— Exercise aim —
Please copy every record below exactly, leaving out the pictures.

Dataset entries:
--- START ---
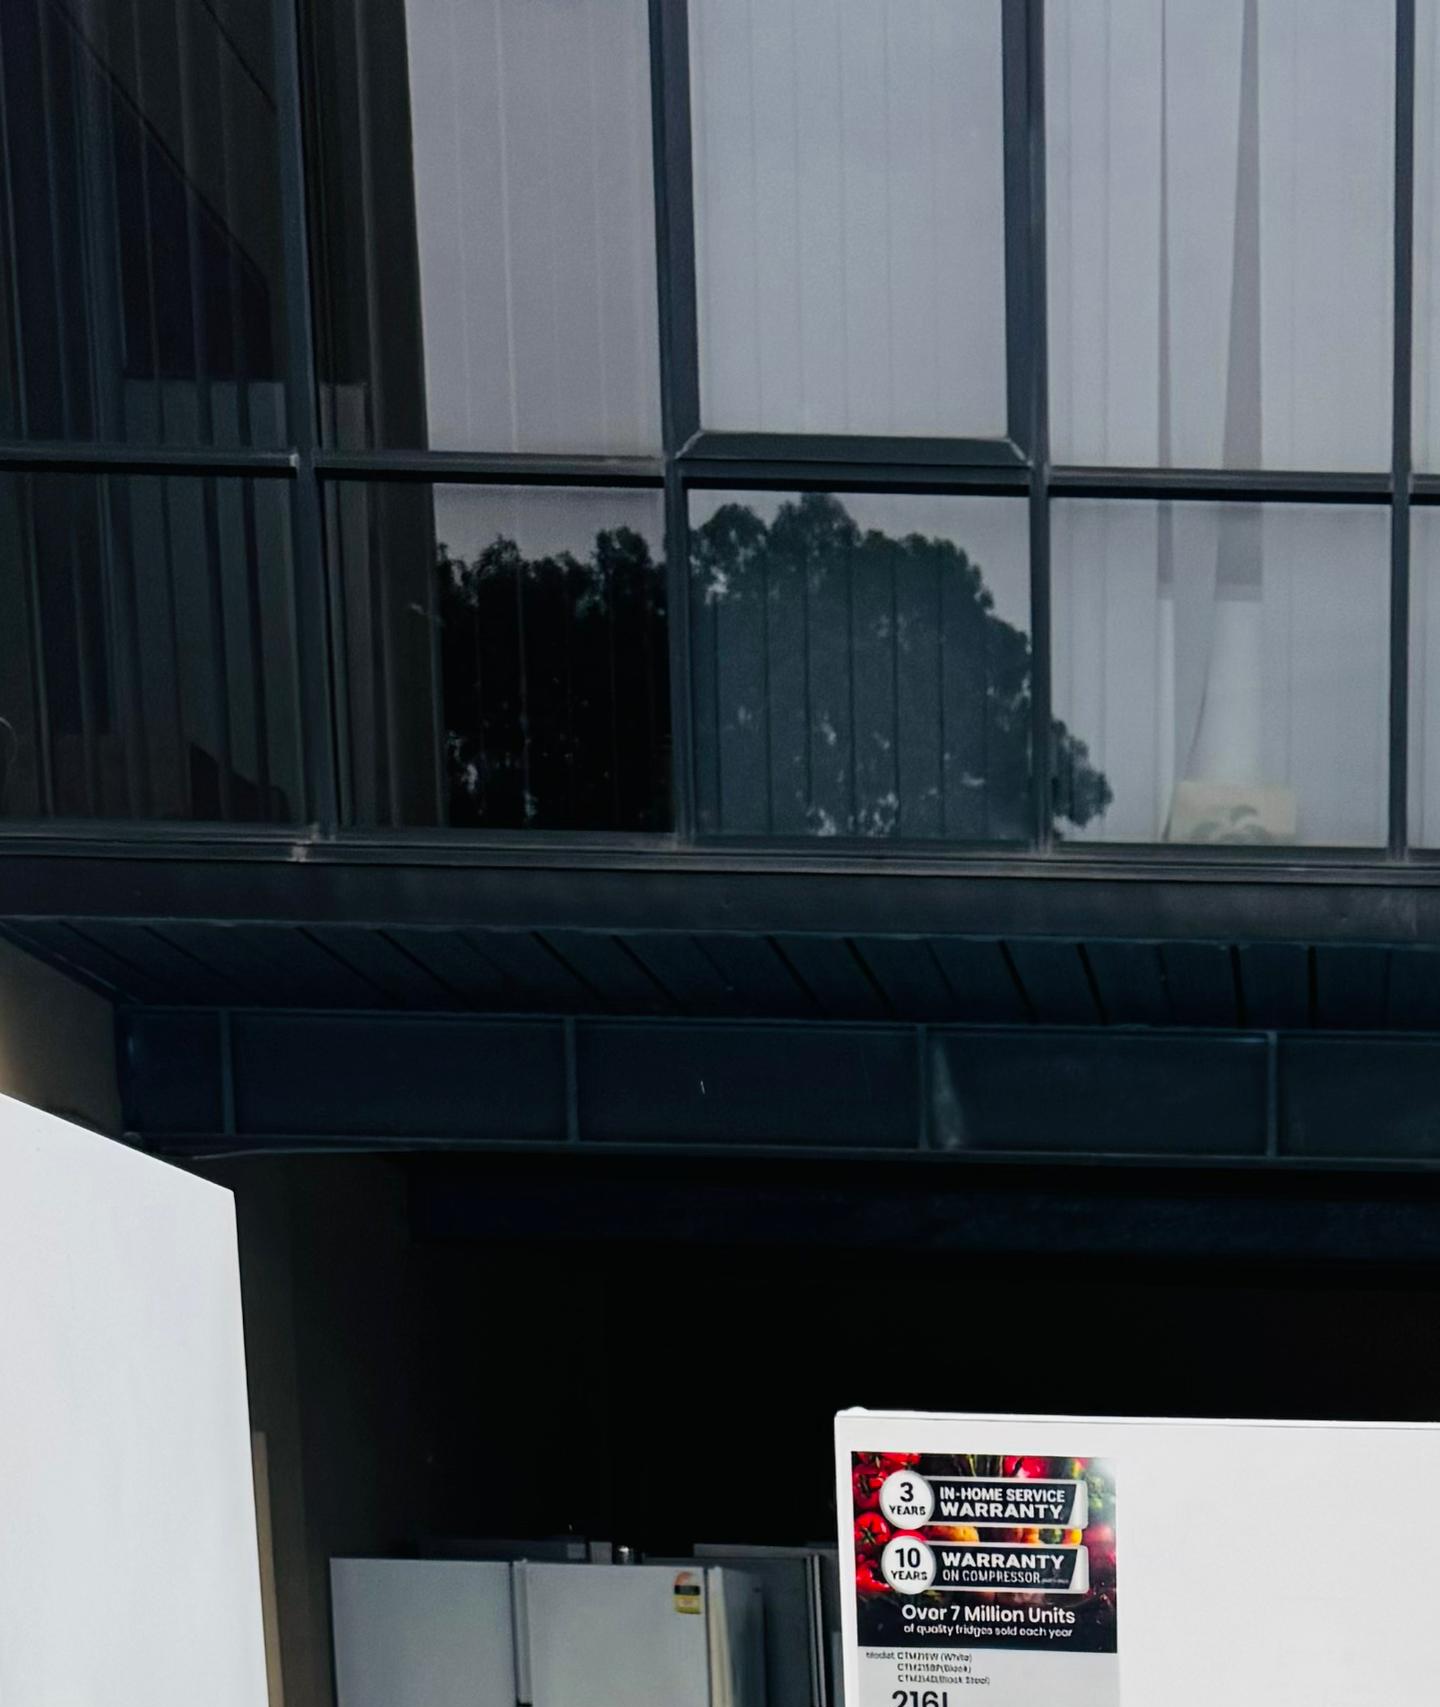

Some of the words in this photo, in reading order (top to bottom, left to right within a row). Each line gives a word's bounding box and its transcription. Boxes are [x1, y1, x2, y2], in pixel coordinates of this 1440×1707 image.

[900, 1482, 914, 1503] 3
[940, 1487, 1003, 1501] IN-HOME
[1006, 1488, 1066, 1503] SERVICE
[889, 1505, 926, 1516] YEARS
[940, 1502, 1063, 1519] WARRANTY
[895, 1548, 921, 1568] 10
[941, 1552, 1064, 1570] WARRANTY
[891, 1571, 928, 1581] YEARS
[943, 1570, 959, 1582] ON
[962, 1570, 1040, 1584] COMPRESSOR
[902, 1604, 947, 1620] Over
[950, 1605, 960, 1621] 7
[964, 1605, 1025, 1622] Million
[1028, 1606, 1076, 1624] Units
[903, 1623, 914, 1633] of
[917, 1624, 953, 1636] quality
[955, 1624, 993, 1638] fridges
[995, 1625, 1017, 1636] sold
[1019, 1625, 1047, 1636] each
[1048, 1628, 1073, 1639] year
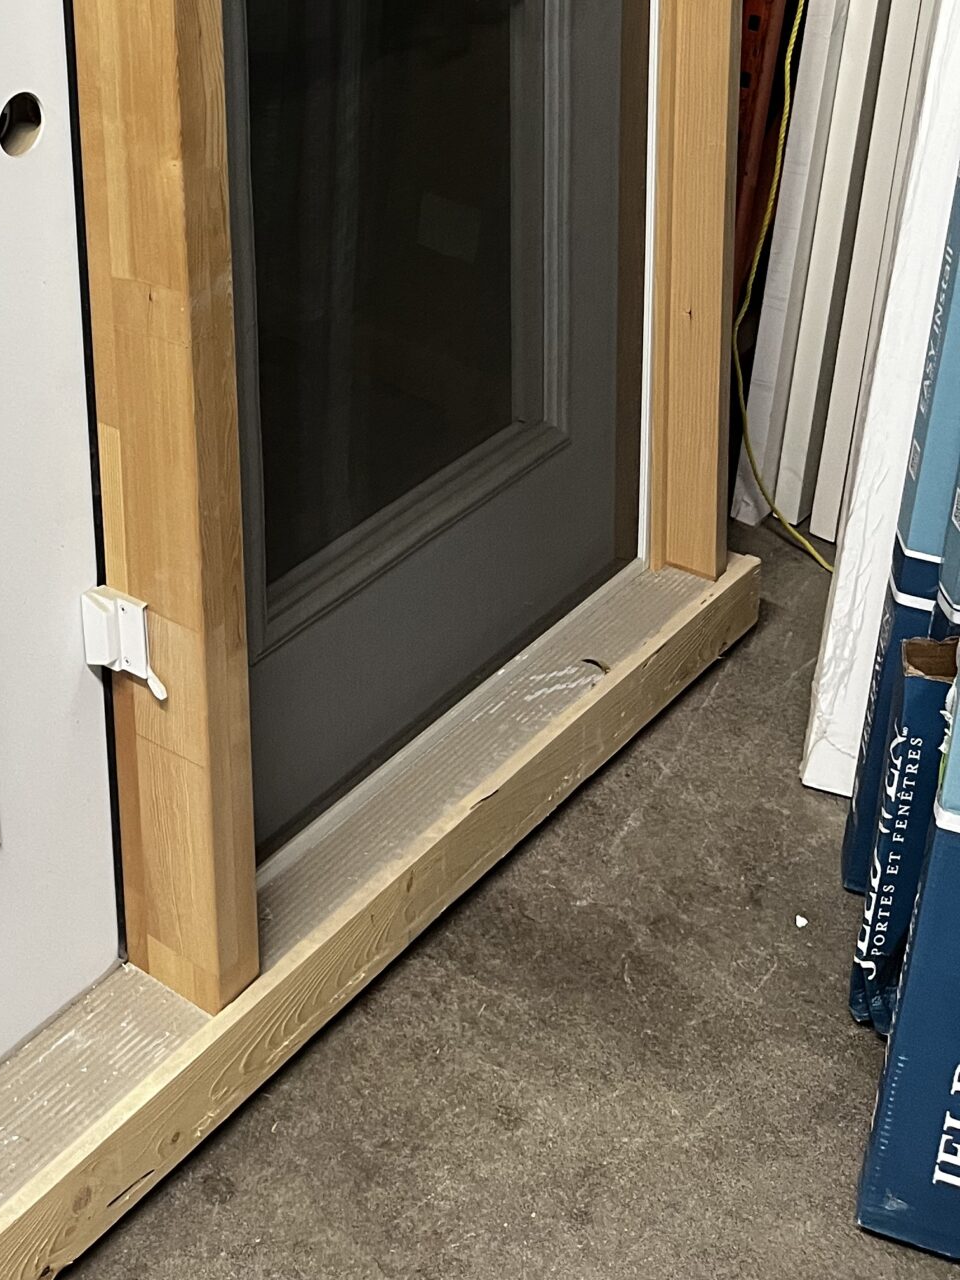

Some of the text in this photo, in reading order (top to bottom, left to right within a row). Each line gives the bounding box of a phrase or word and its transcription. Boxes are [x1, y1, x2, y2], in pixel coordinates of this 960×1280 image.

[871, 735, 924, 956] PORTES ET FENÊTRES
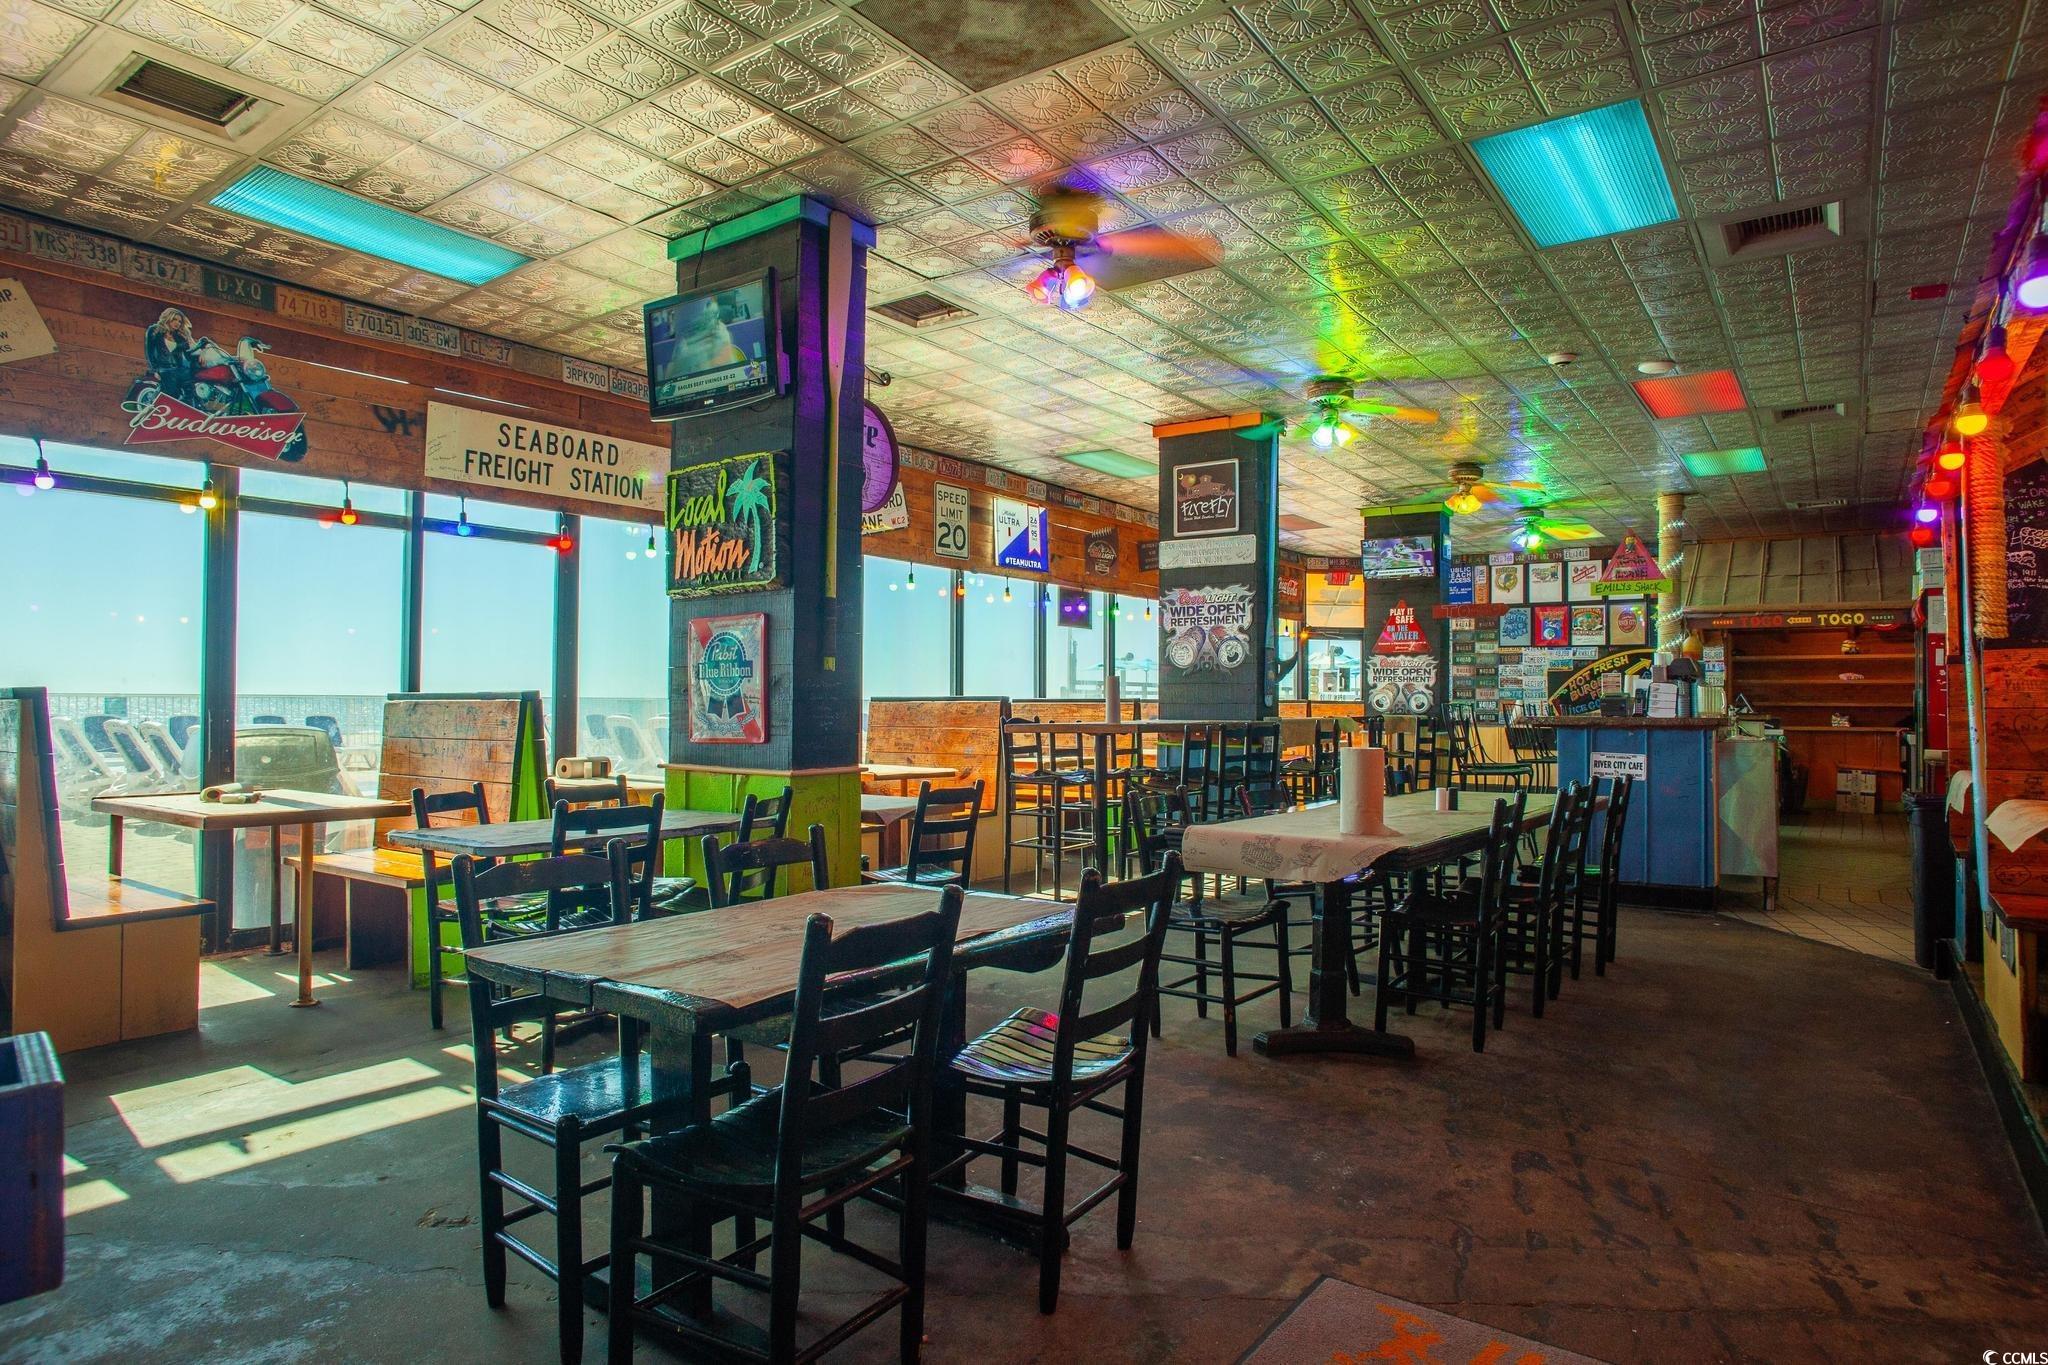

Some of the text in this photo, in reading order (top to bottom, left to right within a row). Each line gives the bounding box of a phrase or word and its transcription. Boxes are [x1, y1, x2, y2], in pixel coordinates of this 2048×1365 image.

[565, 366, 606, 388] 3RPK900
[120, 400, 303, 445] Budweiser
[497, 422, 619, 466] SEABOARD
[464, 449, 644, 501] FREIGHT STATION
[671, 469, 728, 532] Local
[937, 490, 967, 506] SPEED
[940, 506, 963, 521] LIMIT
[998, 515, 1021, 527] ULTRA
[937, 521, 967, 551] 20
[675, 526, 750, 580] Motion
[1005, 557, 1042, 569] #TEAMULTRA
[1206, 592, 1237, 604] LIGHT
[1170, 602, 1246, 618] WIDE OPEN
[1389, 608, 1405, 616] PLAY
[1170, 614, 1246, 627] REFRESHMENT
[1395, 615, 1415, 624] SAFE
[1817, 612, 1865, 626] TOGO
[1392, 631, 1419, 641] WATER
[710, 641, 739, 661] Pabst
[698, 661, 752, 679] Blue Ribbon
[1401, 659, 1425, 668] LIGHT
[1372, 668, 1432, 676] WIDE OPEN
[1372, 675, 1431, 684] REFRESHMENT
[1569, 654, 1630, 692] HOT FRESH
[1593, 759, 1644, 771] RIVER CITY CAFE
--- END ---
— Worked solution —
Some of the words in this photo, in reading order (top to bottom, left to right within a row). Each line gives a word's bounding box and its transcription. Boxes are [x1, y1, x2, y2], in pixel coordinates of this 1440×1707 image.

[900, 1482, 914, 1503] 3
[940, 1487, 1003, 1501] IN-HOME
[1006, 1488, 1066, 1503] SERVICE
[889, 1505, 926, 1516] YEARS
[940, 1502, 1063, 1519] WARRANTY
[895, 1548, 921, 1568] 10
[941, 1552, 1064, 1570] WARRANTY
[891, 1571, 928, 1581] YEARS
[943, 1570, 959, 1582] ON
[962, 1570, 1040, 1584] COMPRESSOR
[902, 1604, 947, 1620] Over
[950, 1605, 960, 1621] 7
[964, 1605, 1025, 1622] Million
[1028, 1606, 1076, 1624] Units
[903, 1623, 914, 1633] of
[917, 1624, 953, 1636] quality
[955, 1624, 993, 1638] fridges
[995, 1625, 1017, 1636] sold
[1019, 1625, 1047, 1636] each
[1048, 1628, 1073, 1639] year

Some of the text in this photo, in reading order (top to bottom, left to right within a row). Each line gives the bounding box of a phrase or word and its transcription. Boxes are [x1, y1, x2, y2], in pixel coordinates of this 960×1280 image.

[871, 735, 924, 956] PORTES ET FENÊTRES

Some of the text in this photo, in reading order (top to bottom, left to right within a row). Each line gives the bounding box of a phrase or word and its transcription. Boxes are [x1, y1, x2, y2], in pixel coordinates of this 2048×1365 image.

[565, 366, 606, 388] 3RPK900
[120, 400, 303, 445] Budweiser
[497, 422, 619, 466] SEABOARD
[464, 449, 644, 501] FREIGHT STATION
[671, 469, 728, 532] Local
[937, 490, 967, 506] SPEED
[940, 506, 963, 521] LIMIT
[998, 515, 1021, 527] ULTRA
[937, 521, 967, 551] 20
[675, 526, 750, 580] Motion
[1005, 557, 1042, 569] #TEAMULTRA
[1206, 592, 1237, 604] LIGHT
[1170, 602, 1246, 618] WIDE OPEN
[1389, 608, 1405, 616] PLAY
[1170, 614, 1246, 627] REFRESHMENT
[1395, 615, 1415, 624] SAFE
[1817, 612, 1865, 626] TOGO
[1392, 631, 1419, 641] WATER
[710, 641, 739, 661] Pabst
[698, 661, 752, 679] Blue Ribbon
[1401, 659, 1425, 668] LIGHT
[1372, 668, 1432, 676] WIDE OPEN
[1372, 675, 1431, 684] REFRESHMENT
[1569, 654, 1630, 692] HOT FRESH
[1593, 759, 1644, 771] RIVER CITY CAFE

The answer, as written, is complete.